> Task brief:
Your reply should be the whole listing, copied exactly, with the pictures left out.

====

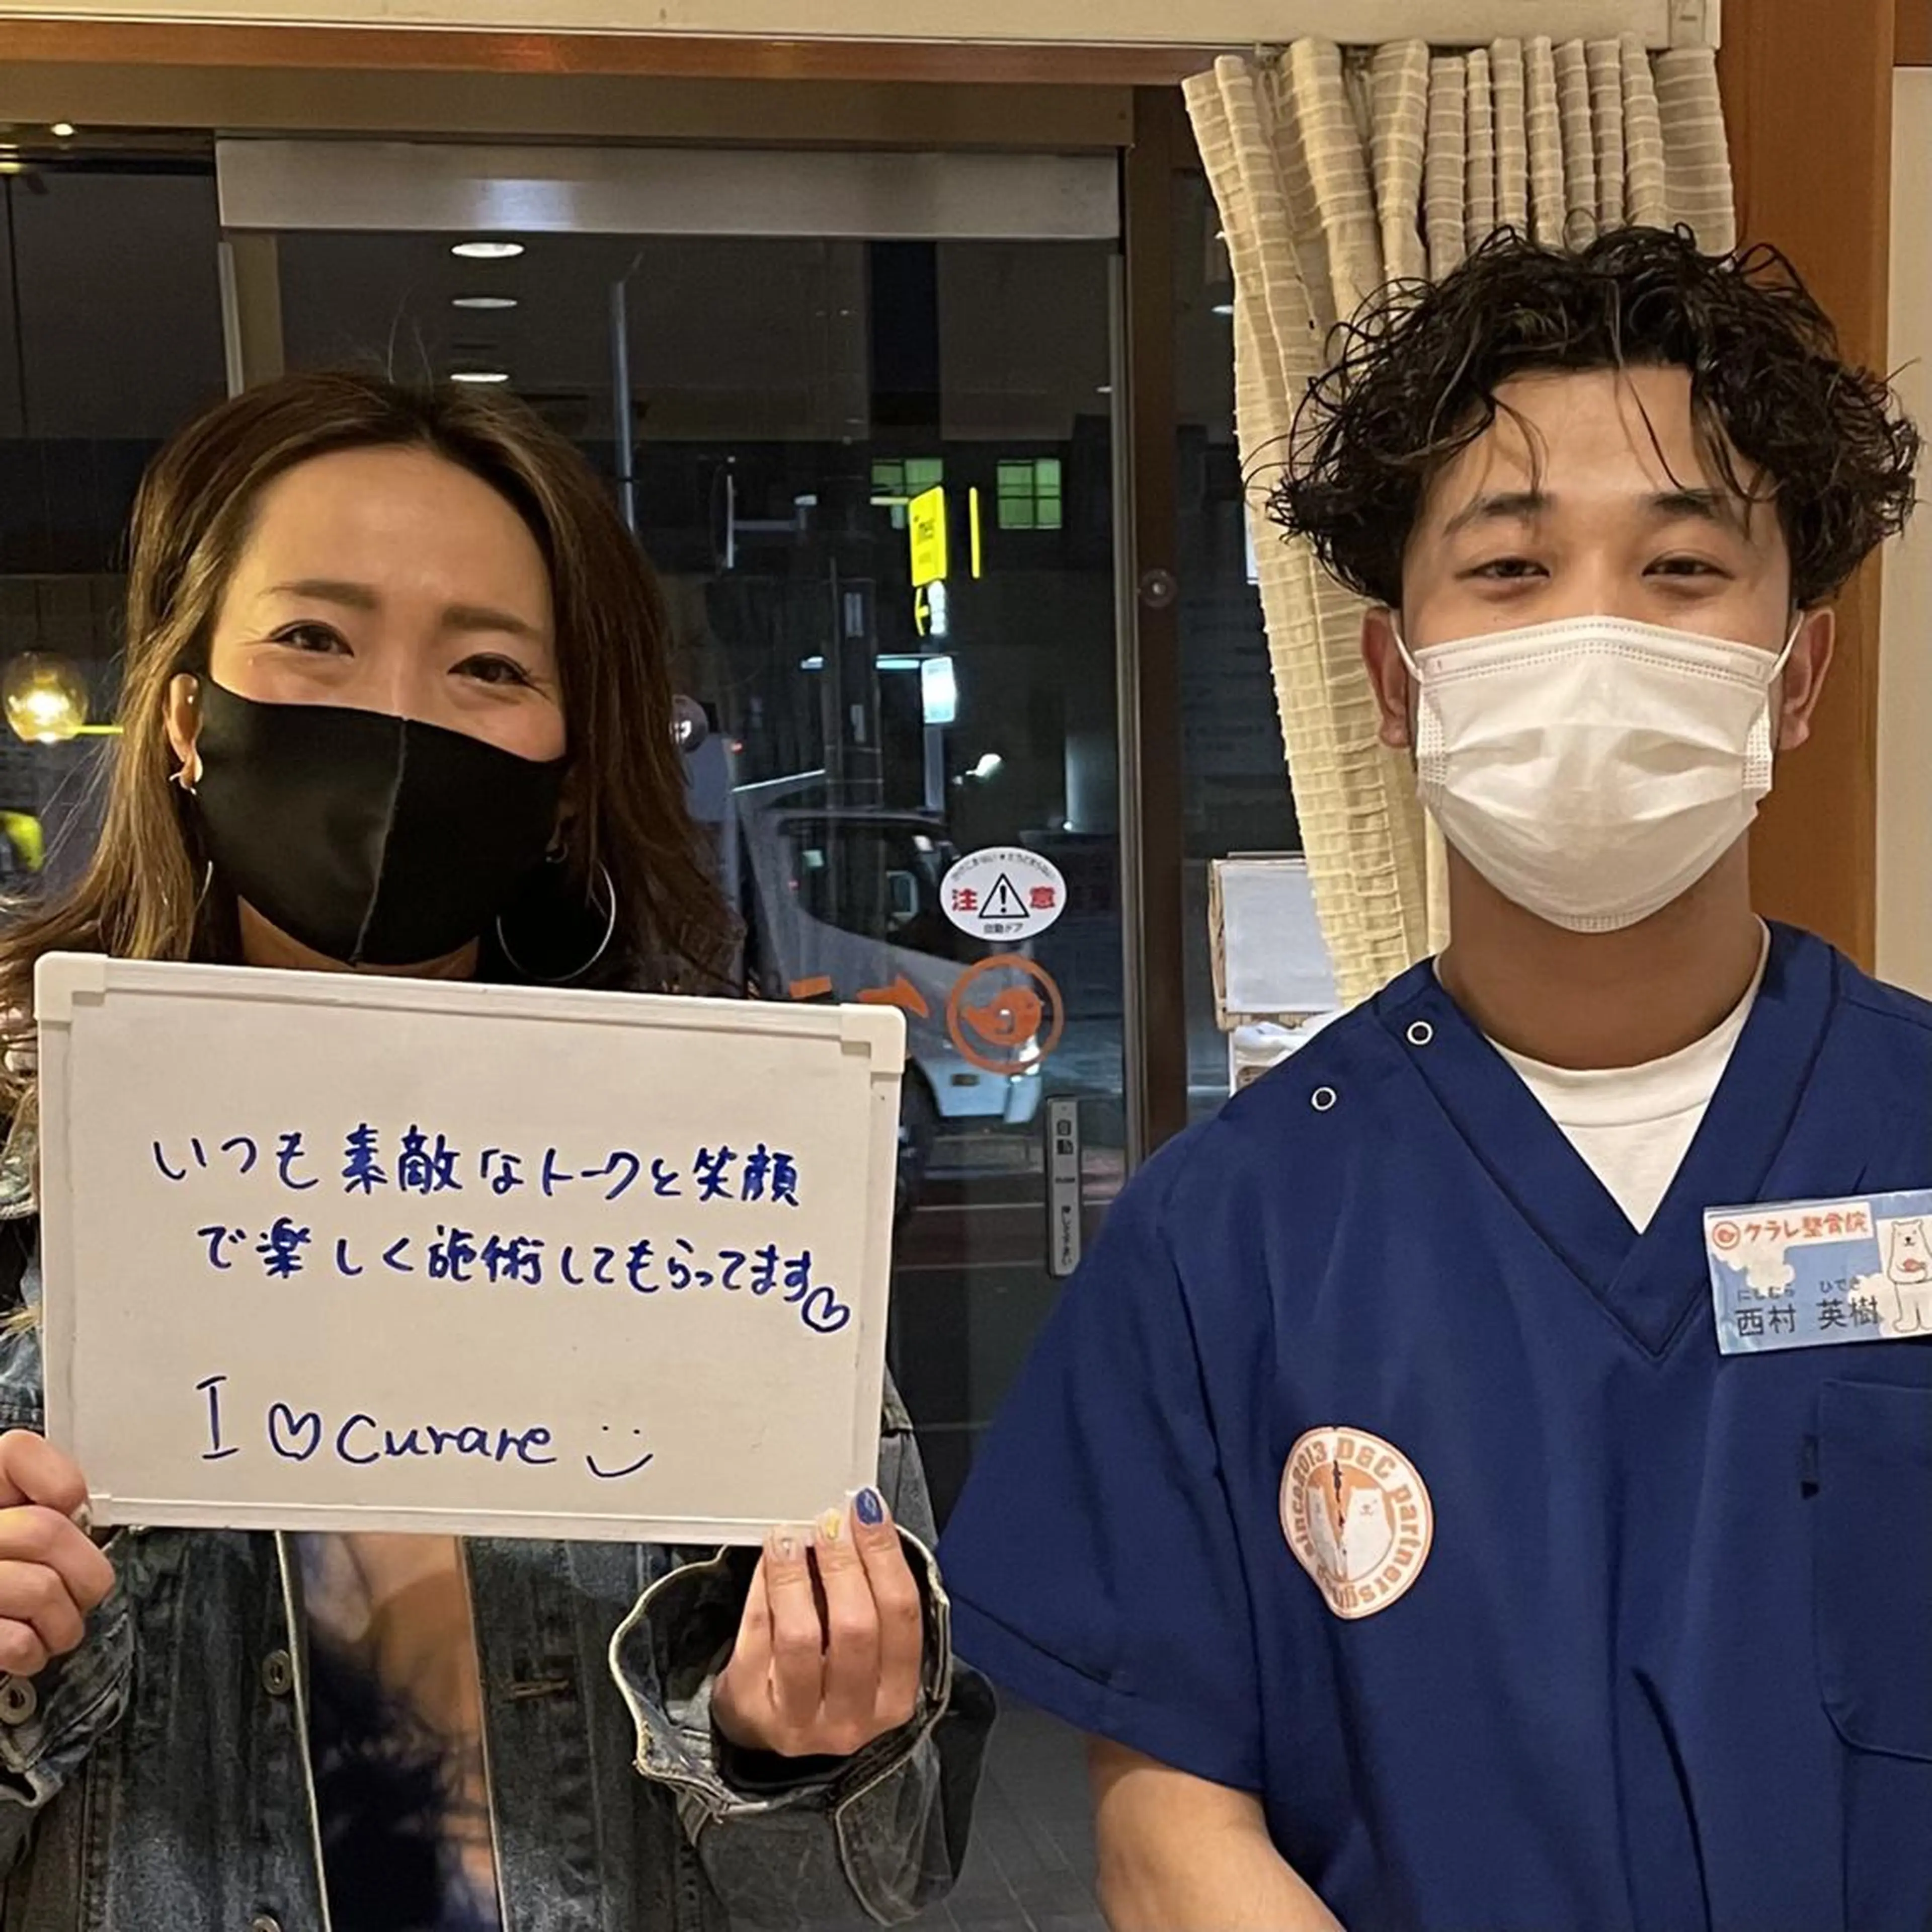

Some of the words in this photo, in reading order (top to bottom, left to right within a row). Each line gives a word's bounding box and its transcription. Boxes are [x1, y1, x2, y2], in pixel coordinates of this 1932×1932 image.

[154, 1123, 798, 1206] いつも素敵なトークと笑顔
[1735, 1303, 1796, 1336] 西村
[1816, 1295, 1883, 1330] 英樹
[197, 1376, 238, 1459] I
[337, 1415, 556, 1464] Curare
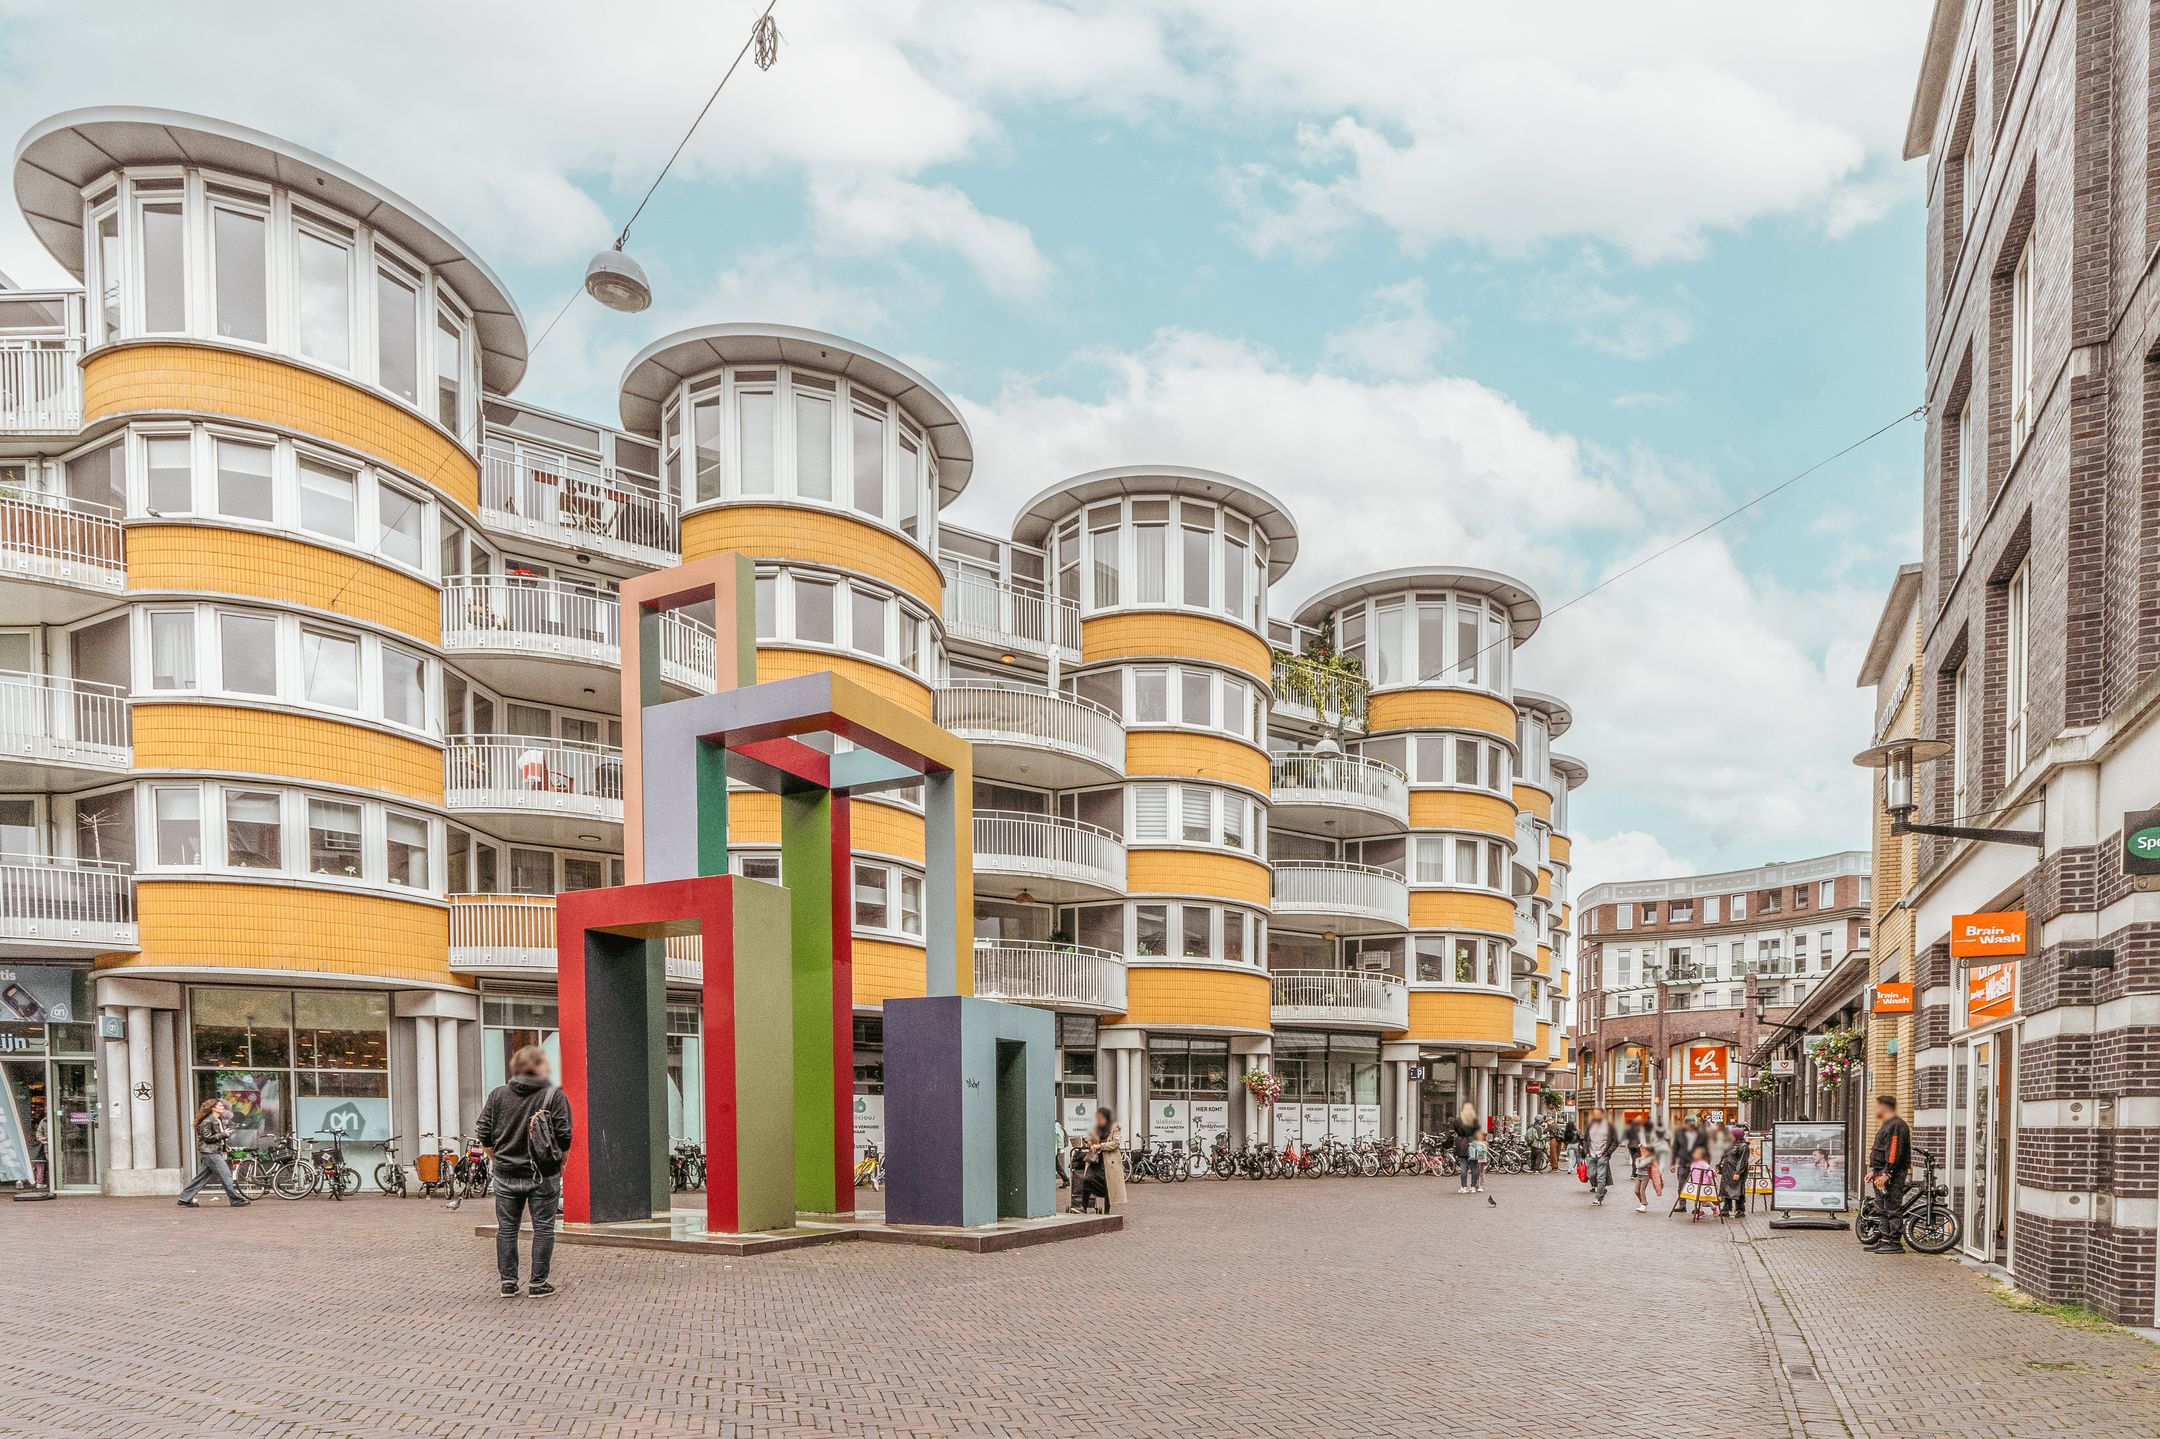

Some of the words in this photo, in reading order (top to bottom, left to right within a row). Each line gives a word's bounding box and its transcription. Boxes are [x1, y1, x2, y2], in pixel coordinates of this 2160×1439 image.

[1966, 925, 2005, 937] Brain
[1979, 932, 2021, 945] Wash
[1882, 997, 1910, 1005] Wash
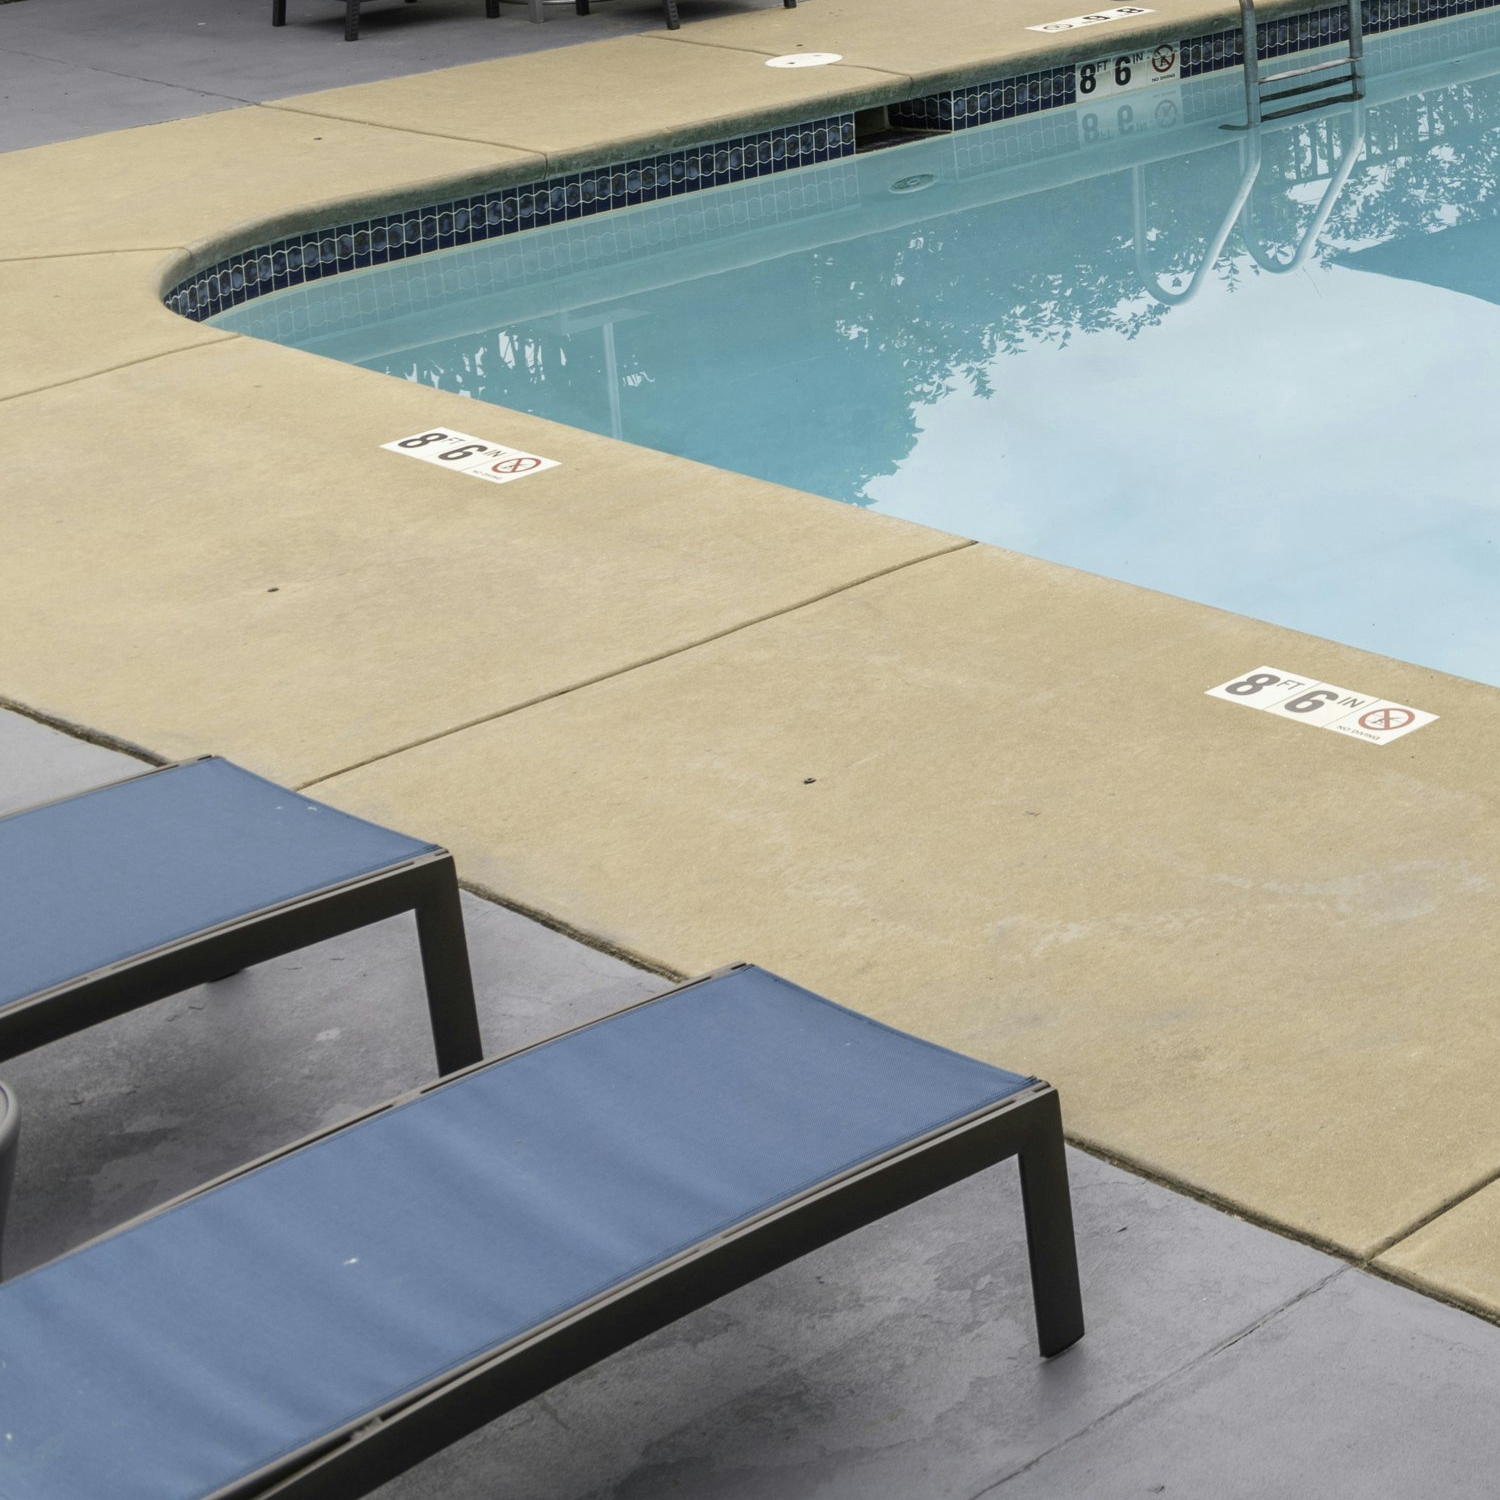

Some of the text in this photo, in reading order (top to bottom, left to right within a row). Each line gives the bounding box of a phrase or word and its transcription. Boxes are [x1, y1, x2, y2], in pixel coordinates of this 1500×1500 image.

====

> Written reply:
Some of the words in this photo, in reading order (top to bottom, left to right within a row). Each line gives a word's bounding box and its transcription. Boxes are [x1, y1, x2, y2], in pixel coordinates of this 1932×1932 image.

[154, 1123, 798, 1206] いつも素敵なトークと笑顔
[1735, 1303, 1796, 1336] 西村
[1816, 1295, 1883, 1330] 英樹
[197, 1376, 238, 1459] I
[337, 1415, 556, 1464] Curare

Some of the words in this photo, in reading order (top to bottom, left to right within a row). Each line gives a word's bounding box and its transcription. Boxes are [x1, y1, x2, y2], in pixel coordinates of this 2160×1439 image.

[1966, 925, 2005, 937] Brain
[1979, 932, 2021, 945] Wash
[1882, 997, 1910, 1005] Wash

Some of the text in this photo, in reading order (top to bottom, left to right within a row). Each line gives the bounding box of a phrase or word and its transcription. Boxes are [x1, y1, x2, y2], in pixel coordinates of this 1500×1500 image.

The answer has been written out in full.